_WORK REQUIRED_.
Here the job is to copy the data exactly and to exclude every image from it.

_SUPPLIED RECORDS_.
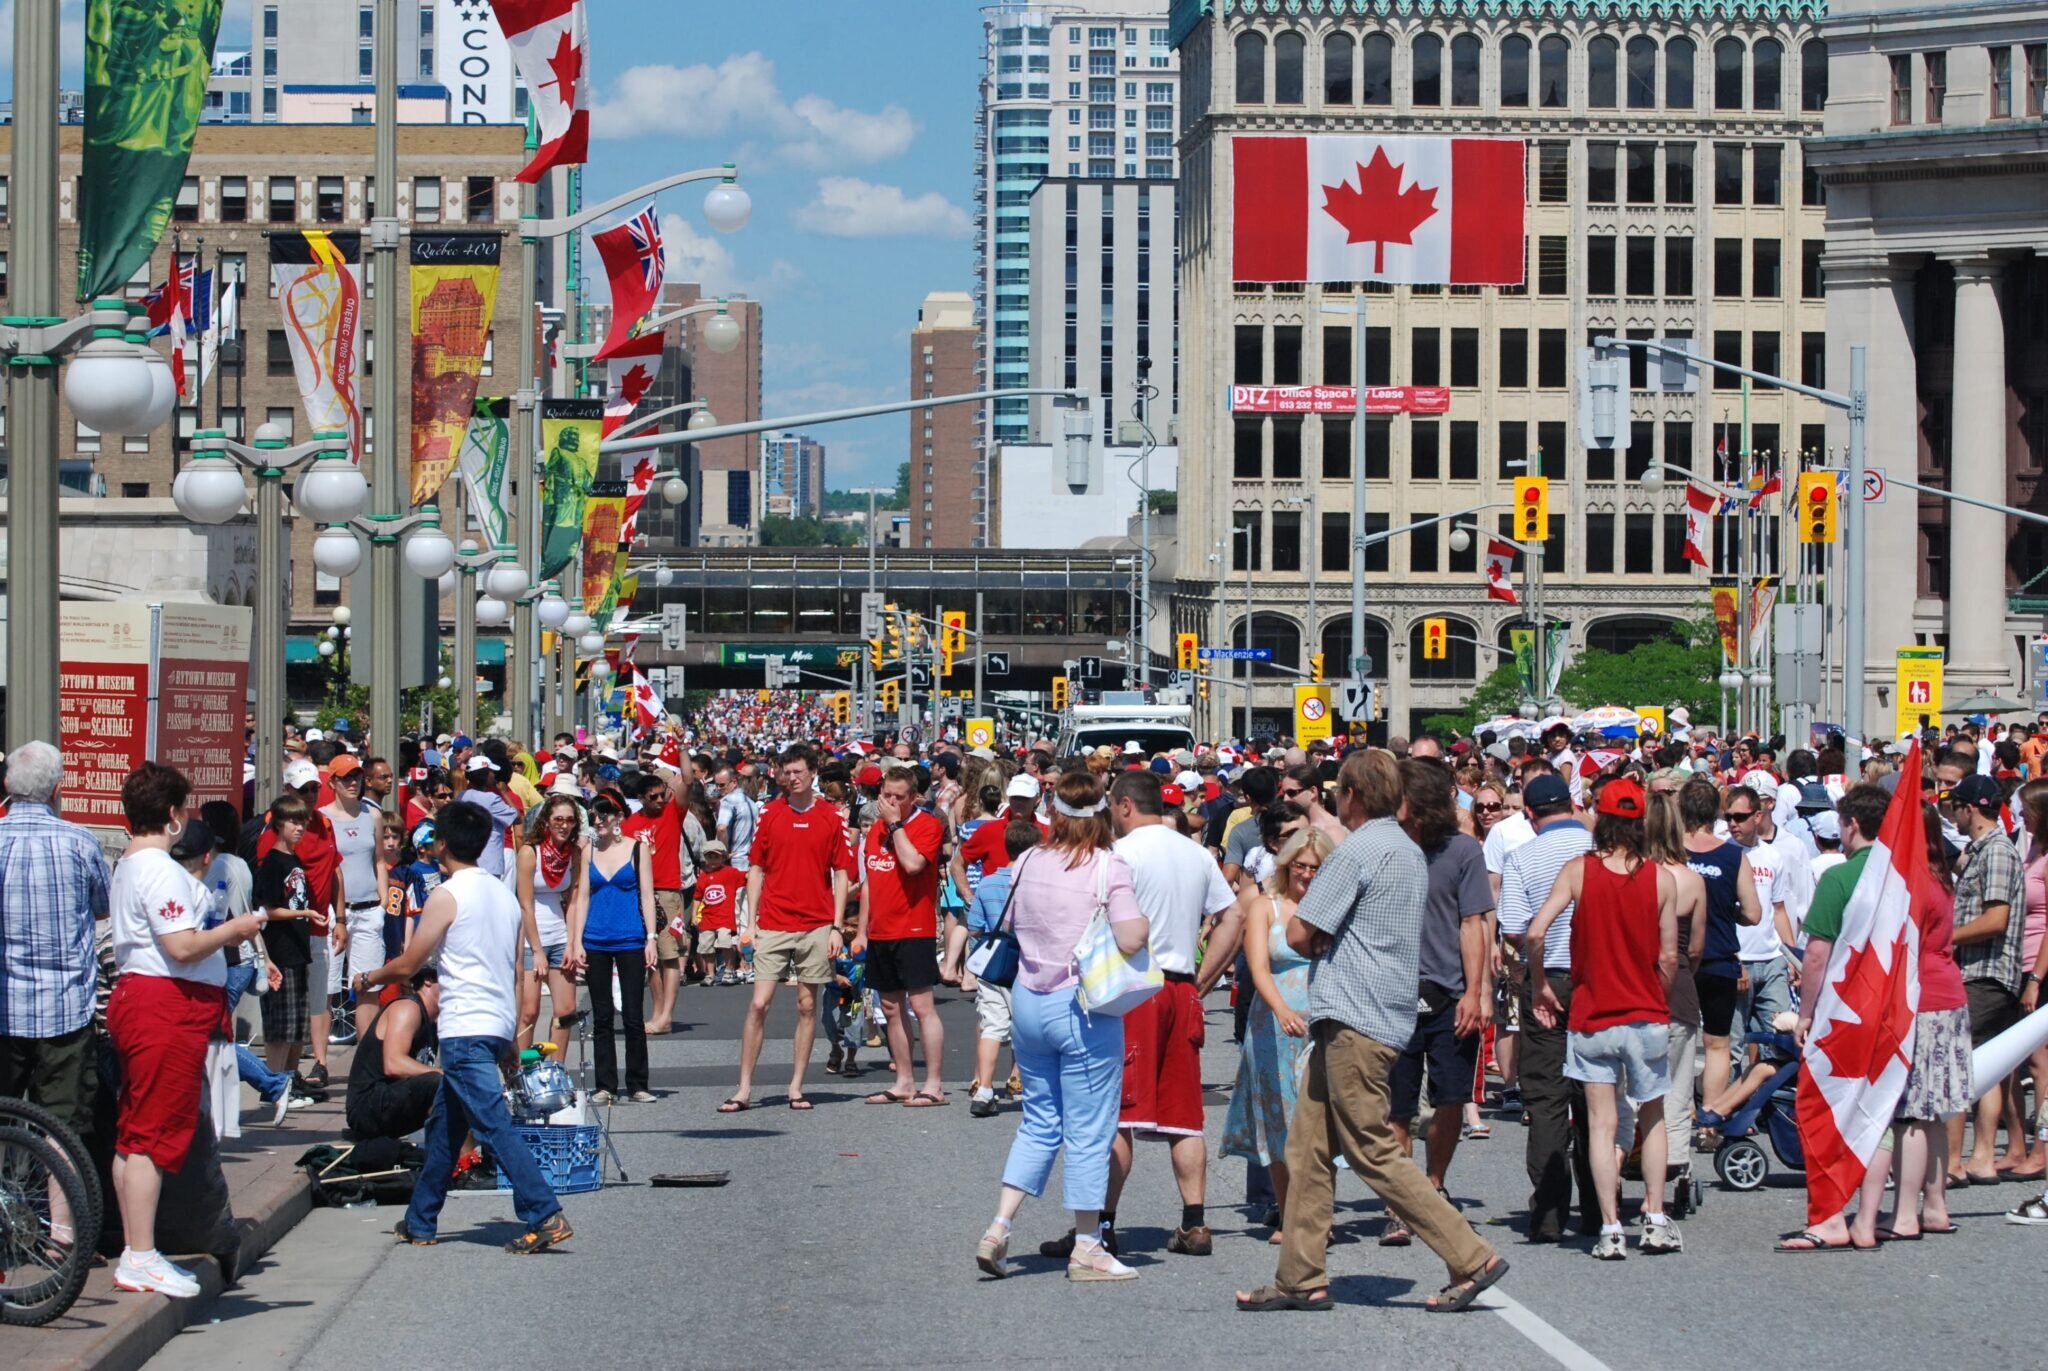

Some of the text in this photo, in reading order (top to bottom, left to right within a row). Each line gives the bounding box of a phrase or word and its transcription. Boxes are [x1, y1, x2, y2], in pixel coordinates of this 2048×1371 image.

[417, 237, 497, 259] Québec 400
[1234, 387, 1269, 404] DTZ
[1314, 388, 1348, 400] Space
[1351, 389, 1369, 398] Fr
[1372, 389, 1404, 399] Lease
[577, 408, 600, 417] 400
[1314, 401, 1333, 410] 1215
[96, 675, 135, 691] MUSEUM
[175, 670, 205, 686] BYTOWN
[206, 671, 236, 687] MUSEUM
[61, 698, 76, 712] RUE
[92, 698, 125, 715] COURAGE
[174, 694, 190, 709] TRUE
[202, 694, 229, 711] COURAGE
[91, 716, 133, 738] SCANDAL!
[166, 712, 192, 730] PASSION
[200, 712, 234, 732] SCANDAL!
[97, 752, 131, 772] COURAGE,
[203, 748, 232, 766] COURAGE,
[193, 767, 233, 786] SCANDALE!
[60, 796, 89, 813] MUSÉE
[867, 854, 896, 872] Carlsberg
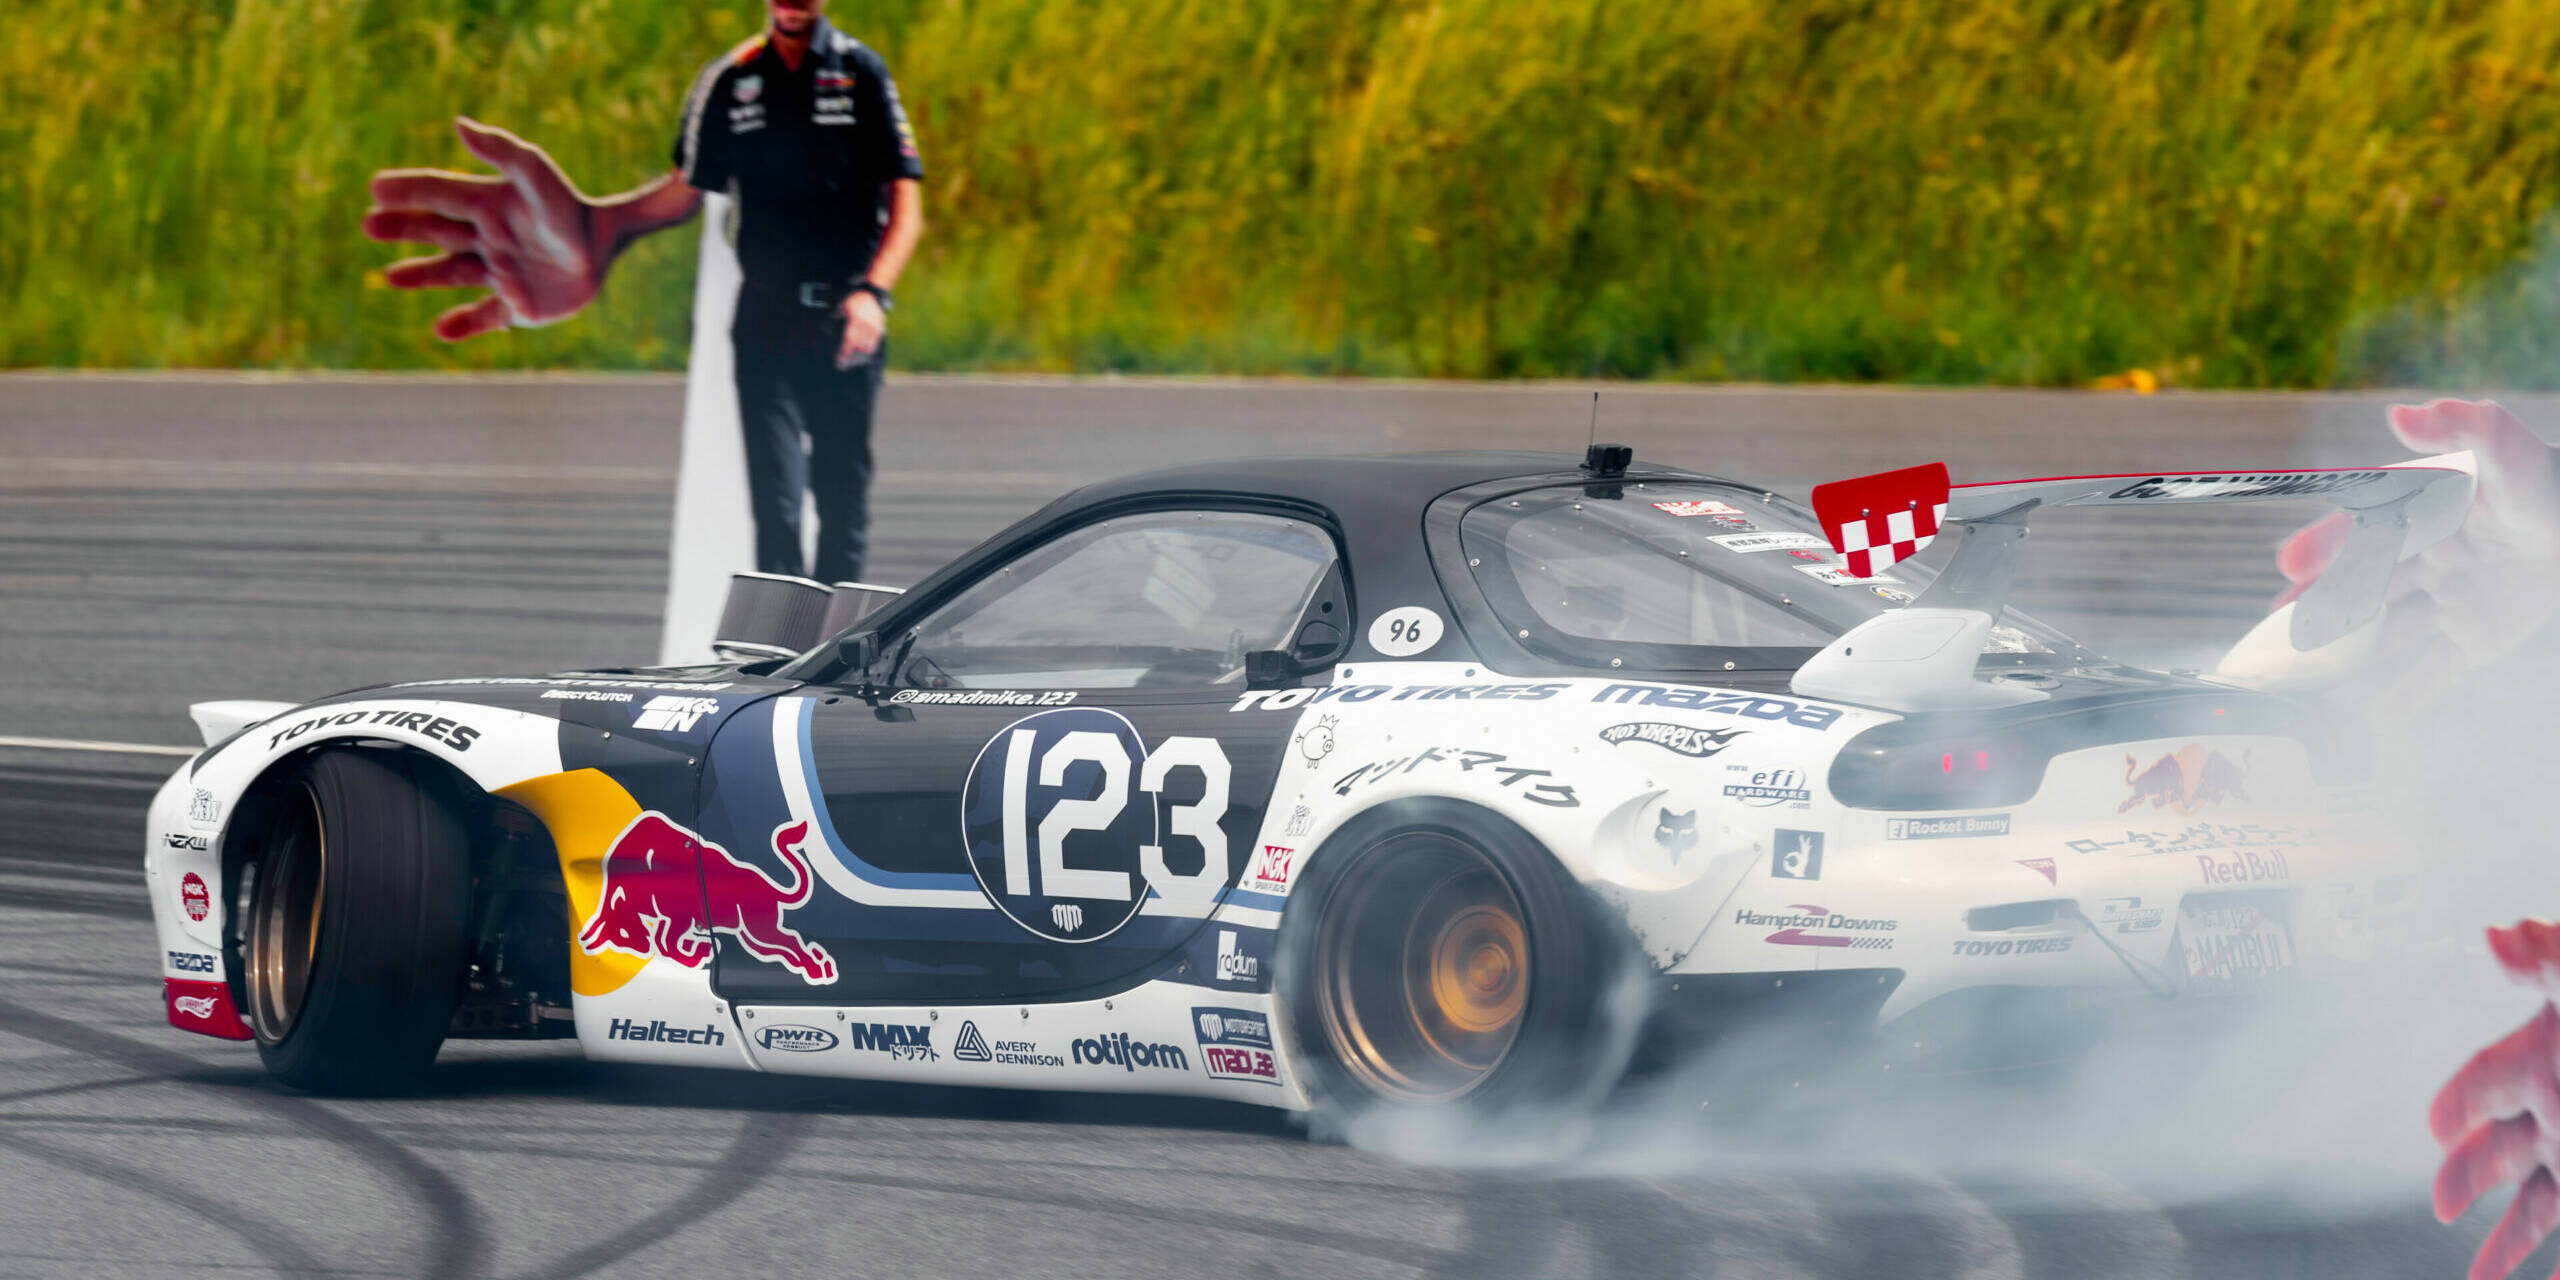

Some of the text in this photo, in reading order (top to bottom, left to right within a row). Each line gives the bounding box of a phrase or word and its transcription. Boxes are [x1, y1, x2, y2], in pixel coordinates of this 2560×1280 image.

[1390, 618, 1420, 643] 96
[1229, 683, 1574, 712] TOYO TIRES
[1591, 684, 1844, 732] mazda
[269, 711, 481, 752] TOYO TIRES
[1605, 724, 1635, 742] HOT
[1752, 769, 1795, 787] efi
[1726, 786, 1809, 800] HARDWARE
[1002, 728, 1232, 904] 123
[1909, 818, 2010, 835] Rocket Bunny
[1258, 847, 1295, 881] NGK
[2197, 851, 2249, 885] Red
[2246, 849, 2289, 882] Bull
[1735, 908, 1898, 931] Hampton Downs
[1952, 936, 2074, 956] TOYO TIRES
[608, 1018, 725, 1046] Haltech
[764, 1028, 828, 1050] PWR
[851, 1022, 931, 1051] MAX
[891, 1045, 941, 1062] ドリフト
[995, 1041, 1037, 1053] AVERY
[1071, 1032, 1190, 1072] rotiform
[996, 1052, 1064, 1067] DENNISON

_RESULT FOR THIS TASK_.
Some of the text in this photo, in reading order (top to bottom, left to right within a row). Each line gives the bounding box of a phrase or word and its transcription. Boxes are [x1, y1, x2, y2], in pixel coordinates of this 2048×1371 image.

[417, 237, 497, 259] Québec 400
[1234, 387, 1269, 404] DTZ
[1314, 388, 1348, 400] Space
[1351, 389, 1369, 398] Fr
[1372, 389, 1404, 399] Lease
[577, 408, 600, 417] 400
[1314, 401, 1333, 410] 1215
[96, 675, 135, 691] MUSEUM
[175, 670, 205, 686] BYTOWN
[206, 671, 236, 687] MUSEUM
[61, 698, 76, 712] RUE
[92, 698, 125, 715] COURAGE
[174, 694, 190, 709] TRUE
[202, 694, 229, 711] COURAGE
[91, 716, 133, 738] SCANDAL!
[166, 712, 192, 730] PASSION
[200, 712, 234, 732] SCANDAL!
[97, 752, 131, 772] COURAGE,
[203, 748, 232, 766] COURAGE,
[193, 767, 233, 786] SCANDALE!
[60, 796, 89, 813] MUSÉE
[867, 854, 896, 872] Carlsberg

Some of the text in this photo, in reading order (top to bottom, left to right within a row). Each line gives the bounding box of a phrase or word and its transcription. Boxes are [x1, y1, x2, y2], in pixel coordinates of this 2560×1280 image.

[1390, 618, 1420, 643] 96
[1229, 683, 1574, 712] TOYO TIRES
[1591, 684, 1844, 732] mazda
[269, 711, 481, 752] TOYO TIRES
[1605, 724, 1635, 742] HOT
[1752, 769, 1795, 787] efi
[1726, 786, 1809, 800] HARDWARE
[1002, 728, 1232, 904] 123
[1909, 818, 2010, 835] Rocket Bunny
[1258, 847, 1295, 881] NGK
[2197, 851, 2249, 885] Red
[2246, 849, 2289, 882] Bull
[1735, 908, 1898, 931] Hampton Downs
[1952, 936, 2074, 956] TOYO TIRES
[608, 1018, 725, 1046] Haltech
[764, 1028, 828, 1050] PWR
[851, 1022, 931, 1051] MAX
[891, 1045, 941, 1062] ドリフト
[995, 1041, 1037, 1053] AVERY
[1071, 1032, 1190, 1072] rotiform
[996, 1052, 1064, 1067] DENNISON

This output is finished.